Conforme a pasta, a troca de endereço era necessária porque a estrutura do prédio não conseguia mais fazer os atendimentos, além das constantes reclamações de comerciantes sobre vandalismo e furtos na região.
Aviso comunicou mudança de endereço do Centro POP, em Rio Branco
Eldérico Silva/Rede Amazônica Acre
A Sasdh afirmou fazer estudos para avaliar para onde o espaço deveria ser transferido. Um dos locais era a região da Baixada da Sobral. O secretário João Marcos Luz ainda citou que a mudança poderia ser feita para a região do Bosque, Floresta ou Castelo Branco.
A presidente da Associação Comercial do Acre (Acisa), Patrícia Dossa, declarou que o órgão apoiou a decisão da Prefeitura de Rio Branco de transferir o Centro Pop para outro local da cidade, mas entende o receio de quem ficará perto da unidade.
Manifestação
Ainda na fase de estudos, quando a prefeitura evitava confirmar o novo endereço, os moradores da Baixada da Sobral começaram a manifestar insatisfação com a possibilidade -- que acabou se concretizando -- da chegada do Centro POP. O comerciante Afonso Gomes tem um comércio na região e achava inadequada a decisão.
"Eu acho que tinha que procurar um lugar mais adequado.
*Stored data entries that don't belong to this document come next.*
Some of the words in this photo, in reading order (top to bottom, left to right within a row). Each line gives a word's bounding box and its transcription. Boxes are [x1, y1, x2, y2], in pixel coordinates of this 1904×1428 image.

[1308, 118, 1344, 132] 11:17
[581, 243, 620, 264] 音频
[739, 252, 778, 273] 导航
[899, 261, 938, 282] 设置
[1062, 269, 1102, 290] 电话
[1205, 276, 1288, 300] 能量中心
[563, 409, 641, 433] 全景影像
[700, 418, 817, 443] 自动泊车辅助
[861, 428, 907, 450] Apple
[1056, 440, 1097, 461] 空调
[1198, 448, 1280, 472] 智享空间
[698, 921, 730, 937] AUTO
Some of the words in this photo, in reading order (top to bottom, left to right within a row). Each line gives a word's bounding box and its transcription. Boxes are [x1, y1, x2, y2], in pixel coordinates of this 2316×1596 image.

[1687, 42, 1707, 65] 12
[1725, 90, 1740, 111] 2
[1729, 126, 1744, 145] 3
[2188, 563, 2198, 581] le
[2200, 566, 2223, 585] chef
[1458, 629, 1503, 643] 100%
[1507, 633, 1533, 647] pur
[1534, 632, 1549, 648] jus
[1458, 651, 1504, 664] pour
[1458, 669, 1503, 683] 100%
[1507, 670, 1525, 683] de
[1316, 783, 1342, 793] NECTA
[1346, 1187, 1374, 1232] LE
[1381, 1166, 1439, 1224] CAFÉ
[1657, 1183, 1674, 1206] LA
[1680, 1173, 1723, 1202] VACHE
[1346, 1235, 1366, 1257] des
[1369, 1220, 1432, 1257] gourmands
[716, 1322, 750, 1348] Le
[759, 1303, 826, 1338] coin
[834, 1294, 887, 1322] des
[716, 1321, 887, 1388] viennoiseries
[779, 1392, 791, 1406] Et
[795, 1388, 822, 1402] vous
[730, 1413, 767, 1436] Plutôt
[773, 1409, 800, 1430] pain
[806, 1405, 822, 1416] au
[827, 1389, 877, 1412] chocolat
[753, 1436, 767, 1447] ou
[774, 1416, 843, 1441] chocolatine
Aqui não é adequado para vir o Centro Pop. Nós fizemos um abaixo-assinado de quase 500 assinaturas e já mandei para a Câmara e para a assembleia, porque se vier pra cá não vai dar pra trabalhar aí eu não sei o que fazer", declarou ele ainda em abril.
No dia 16 de maio, um protesto contra a mudança de endereço fechou o trânsito na entrada de uma ladeira na Rua Bola Preta, bem próximo da nova sede do centro.
Mudança do Centro POP durante a madrugada revolta moradores do bairro Castelo Branco
Três dias depois, os manifestantes fecharam a Rua Rio de Janeiro, no bairro Mascarenhas de Moraes, vizinho ao Castelo Branco e à Baixada. Até essa data, a prefeitura ainda não confirmava a nova localização, e afirmava avaliar possíveis imóveis.
O local foi definido e um contrato de aluguel de R$ 6,2 mil mensais foi publicado no Diário Oficial do Estado (DOE) de terça-feira (20), porém, sem revelar o local. A mudança iniciou ainda na terça, durante o dia e se estendeu pela madrugada de quarta (21), para a Rua Bola Preta, N.º 105, Conjunto Castelo Branco.
Para os moradores, a mudança durante a madrugada tratou-se de uma tática da gestão para escapar de protestos.
Já o secretário negou que a mudança na madrugada tenha sido para esconder a movimentação, mas sim para garantir o funcionamento do órgão, que inicia às 7h.
Centro POP
Antiga sede do Centro POP tem aviso na fachada sobre novo endereço
Eldérico Silva/Rede Amazônica Acre
Atualmente, o local atende mais de 600 pessoas em situação de rua cadastradas e trabalha com o encaminhamento para unidades de saúde, atendimento psicossocial e direcionamento para entidades que auxiliam na recuperação do vício em álcool e drogas.
Conforme João Marcos Luz, o objetivo do órgão é buscar a retomada do convívio familiar desse público, e tentar a garantia de moradia.
De acordo com o Observatório Brasileiro de Políticas Públicas com a População em Situação de Rua com base em dados de 2012 a 2021, na capital acreana existem 28 pessoas em situação de rua por 100 mil habitantes. Dessa população, a maioria está na faixa etária dos 30 aos 60 anos.